Two years after the pandemic started, menus are leaner, smarter — and often better

Old lessons of thrift and cross-utilization make restaurants more successful

Even restaurant veterans have learned a lot over the past two years. They can do more with less, package food better for off-premises dining, and adjust quickly to changes in regulations and their guests’ attitudes.

“There was no such thing as a ‘pivot,’” said Damian Sansonetti, chef and owner of Chaval in Portland, Maine, noting what was probably the most over-used word at the height of the pandemic. “You were pirouetting.”

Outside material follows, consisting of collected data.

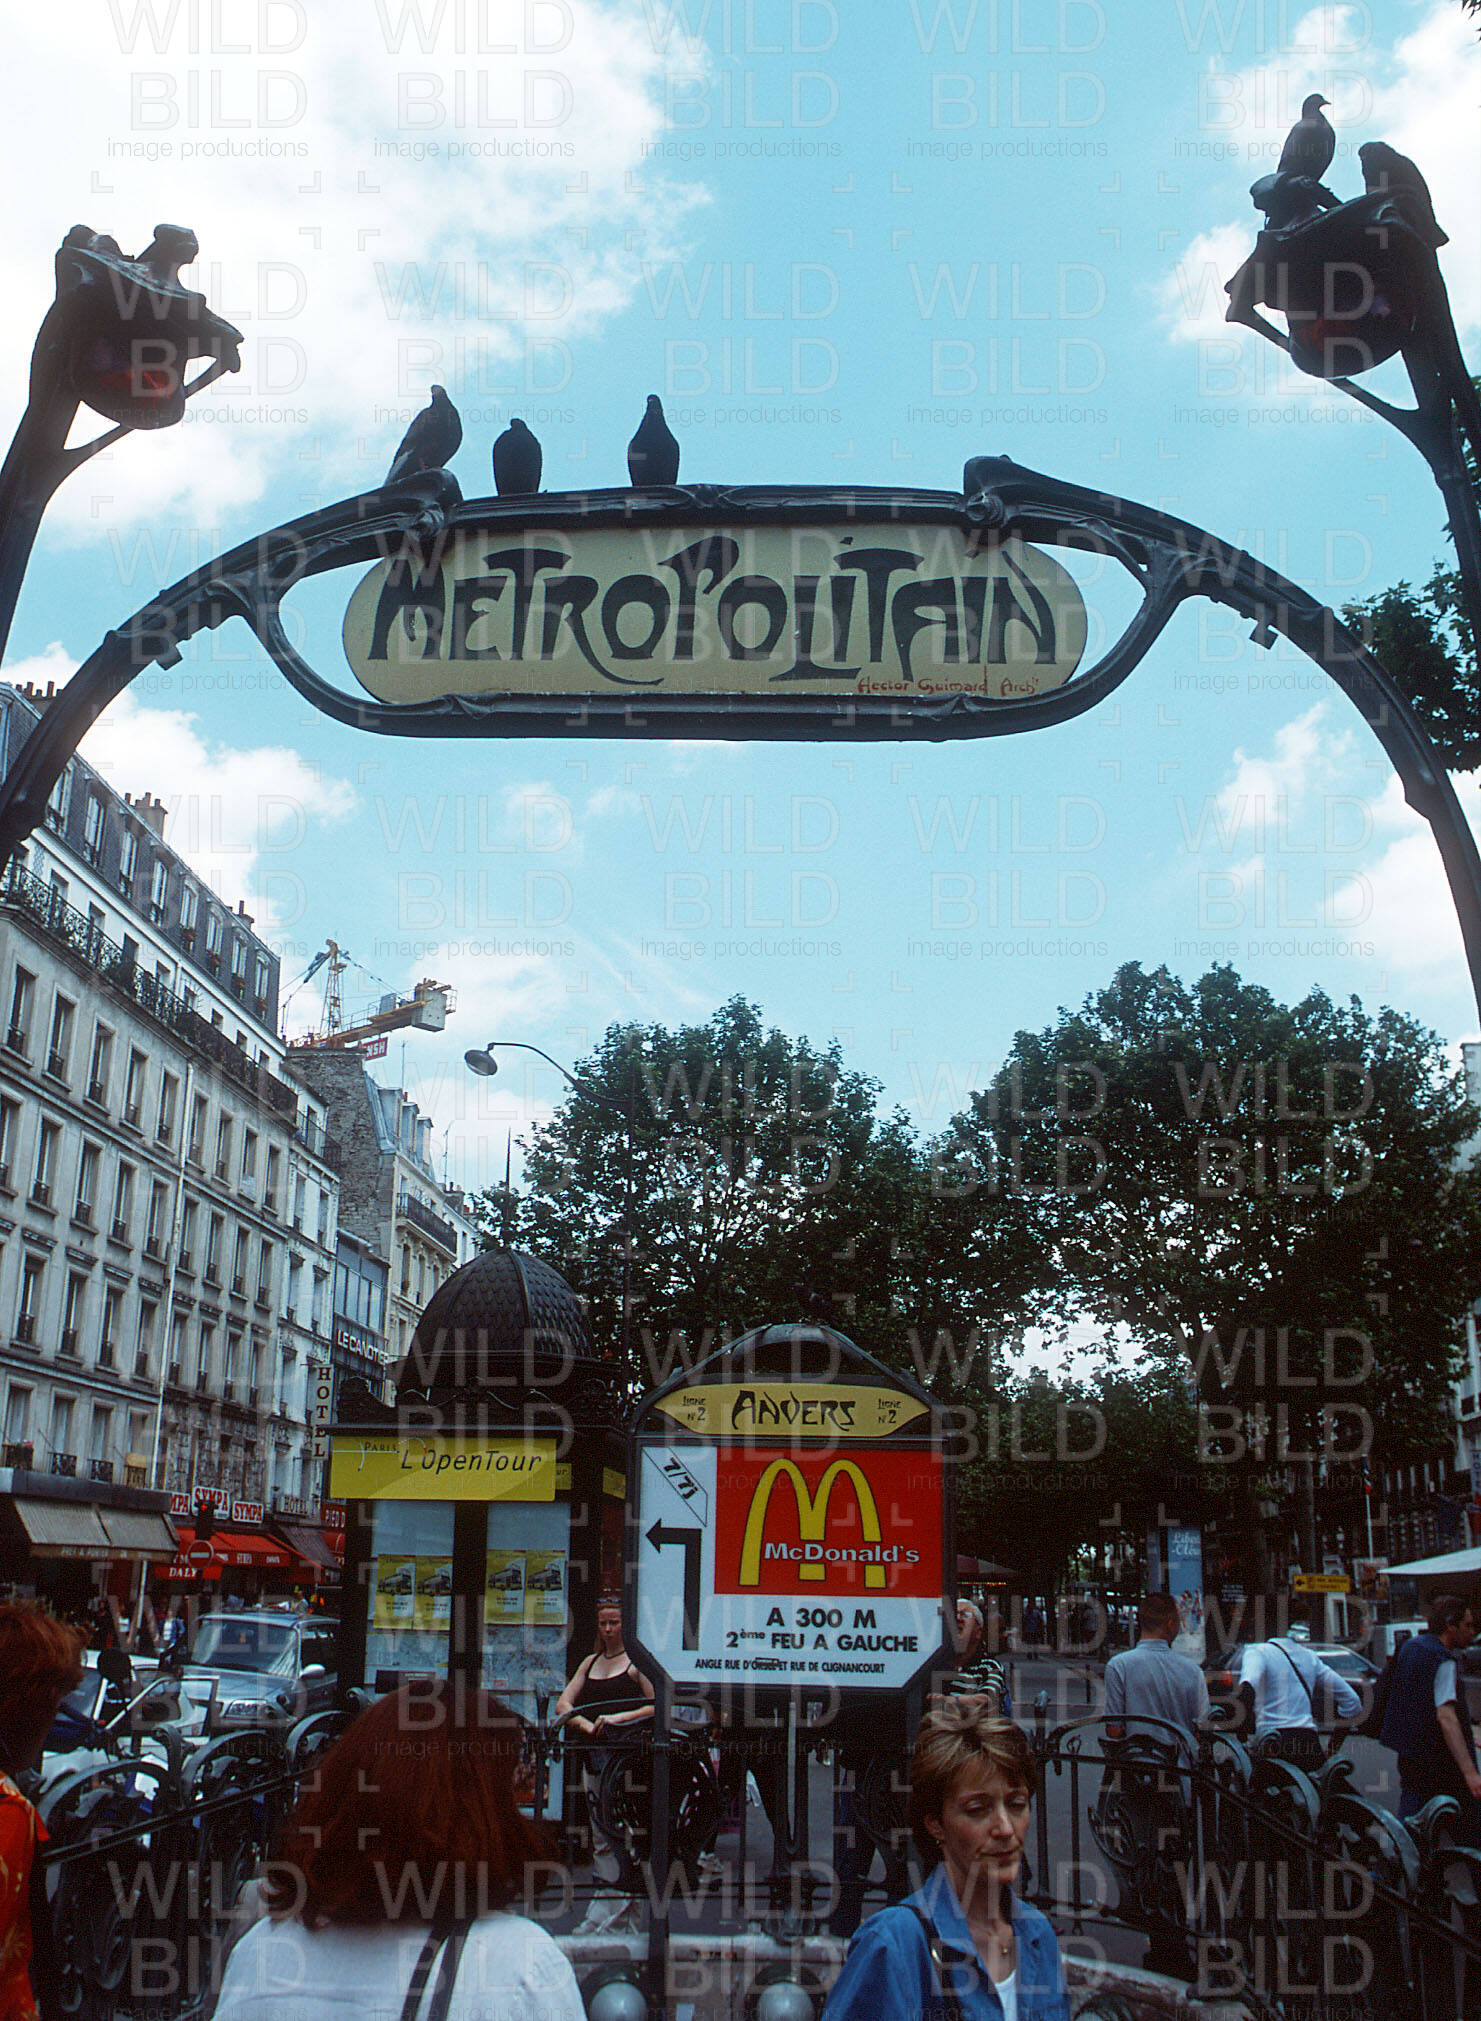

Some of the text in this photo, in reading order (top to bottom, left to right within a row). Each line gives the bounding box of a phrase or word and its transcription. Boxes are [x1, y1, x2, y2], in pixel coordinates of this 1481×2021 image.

[366, 535, 1057, 685] METROPOLITAIN
[857, 675, 910, 693] Hector
[918, 665, 988, 696] Guimard
[336, 1328, 349, 1349] LE
[314, 1366, 332, 1458] HOTEL
[731, 1389, 857, 1432] ANVERS
[234, 1503, 263, 1522] SYMPA
[284, 1496, 308, 1514] HOTEL
[764, 1542, 920, 1563] McDonald's
[766, 1608, 877, 1629] A 300 M
[726, 1628, 918, 1653] 2ème FEU A GAUCHE
[695, 1659, 722, 1670] ANGLE
[724, 1659, 741, 1670] RUE
[779, 1661, 788, 1671] ET
[790, 1661, 807, 1672] RUE
[808, 1661, 819, 1672] DE
[822, 1661, 885, 1674] CLIGNANCOURT

Chaval serves halibut fillets in addition to cheeks, collars, ribs and wings, pictured.

When it comes to their menus, chefs have often made them smaller, more efficient and more flexible. Dishes have become simpler, ingredients are being cross-utilized better and local purveyors are appreciated even more.

“We’ve learned that it’s OK to have a smaller menu, and just keep it fresher and simpler,” said David Burke, who has been one of the country’s most innovative chefs since he was the opening chef of Park Avenue Café in 1992.

Burke now operates 19 restaurants, mostly in New York and New Jersey, but he also has two restaurants in Saudi Arabia as well as Red Salt and Cloud Bar in Charlotte, N.C., and Breckenridge Distillery Restaurant in Colorado.

He said that instead of the 12-14 main courses and appetizers that was more typical at his restaurants, he has found that having eight of each is fine as long as you keep it fresh and seasonal.

“Therefore you need less staff and have lower food cost because everything sells better and is turned over quicker,” he said.

“We learned that you can charge for bread — good bread — you can charge for water and you can charge for credit card processing fees,” he added, noting that customers often don’t want bread anyway and it only goes to waste.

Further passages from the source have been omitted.